Is there anyone unconvinced that Burna Boy is the most versatile of Nigerian popstars?
Take a look at this list of a half-dozen Burna Boy singles: ‘Ye’, ‘Gbona’, ‘On the Low’, ‘Dangote’, ‘Thuggin’, ‘Darko’. There is pop, reggae, trap, rap and Afrobeat across that list. The musical influences are a mix of Nigerian, British, Jamaican and American influences.
The last two songs in the list above are from his new project (with Los Angeles production duo DJDS) the Steel & Copper EP. Nothing from his preceding singles, all of them hits across his home country, could have prepared his fans and listeners for the project. In fact, the listener has to go back a few years, to 2016, to what may be called the Steel & Copper prequel, the Redemption EP.
That project had shown Burna Boy working his trap music bona fides but it had space for African percussion patterns and even a song in Yoruba. On Steel & Copper, which is four tracks long, there are no such concessions to his local audience. (Or maybe his name-dropping Greek basketballer of Nigerian origin Giannis Antetokounmpo on ‘34’ is a concession, given that he plays in the American league?)
That he is recognisable speaks to how much his peculiar timbre has become in the pop landscape. But his voice is not quite as important a thread connecting both EPs as much as how personal both works are. Where Redemption processed some of the man’s emotions, specifically his paranoia concerning his success and friendships, Steel & Copper is more invested in the physical, in terms of violence and survival.
The EP’s title refers to weapons. Its last song ‘Thuggin’ tells its own story when he sings, “This life, done took my brothers / But I, I’m still thuggin’ anyway”. On ‘Darko’, he sings, “What you know about Don Gorgon? / Me make your baby turn orphan”.

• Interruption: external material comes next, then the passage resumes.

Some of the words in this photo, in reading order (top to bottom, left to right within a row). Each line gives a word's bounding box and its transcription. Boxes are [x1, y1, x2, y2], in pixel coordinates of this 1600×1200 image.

Yesterday, Burna Boy released a single video for both songs and made the violence embedded in the pair of songs explicit.
As ‘Thuggin’ plays, we watch Burna Boy speak heatedly on the phone and later an older lady begs him but he leaves her and gets into a fight outside at dusk; a friend is shot and the song stops playing. We then see Burna Boy, who earlier had bathed a child, in anguish as he beholds the body of his friend. A group of women surrounds the body, performing some contemporary dance ritual on the corpse. Soon, ‘Darko’ begins to play. There is a church, some dancing, lifting of the corpse from the earlier song and some kind of a procession.

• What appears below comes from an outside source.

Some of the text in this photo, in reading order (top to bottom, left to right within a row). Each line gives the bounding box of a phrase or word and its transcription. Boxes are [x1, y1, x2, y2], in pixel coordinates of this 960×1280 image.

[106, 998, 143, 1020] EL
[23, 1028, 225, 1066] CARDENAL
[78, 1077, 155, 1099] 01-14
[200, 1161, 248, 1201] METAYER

Like some of Burna Boy’s own music, the video defies complete comprehension and is mostly impressionistic. And yet, the mood is unmistakably sober, spurred by the sluggish, drugged-up beat and Burna’s drawled lyrics, as if whatever crime committed by the songs’ hero is done reluctantly. As he says in ‘Thuggin’, “I don’t know better”.
It now appears we have two Burna Boys: the joyful Afropop one and the introspective trap music act. Perhaps it is understandable that his team markets the first to Nigerians and save his introspection for his more international projects. Nevertheless, the true fan would have to reconcile both Burnas. Luckily, the tight exquisiteness of Steel & Copper should make that easier.
Just one small note: You won’t be dancing much — but you’d be rewarded in other ways.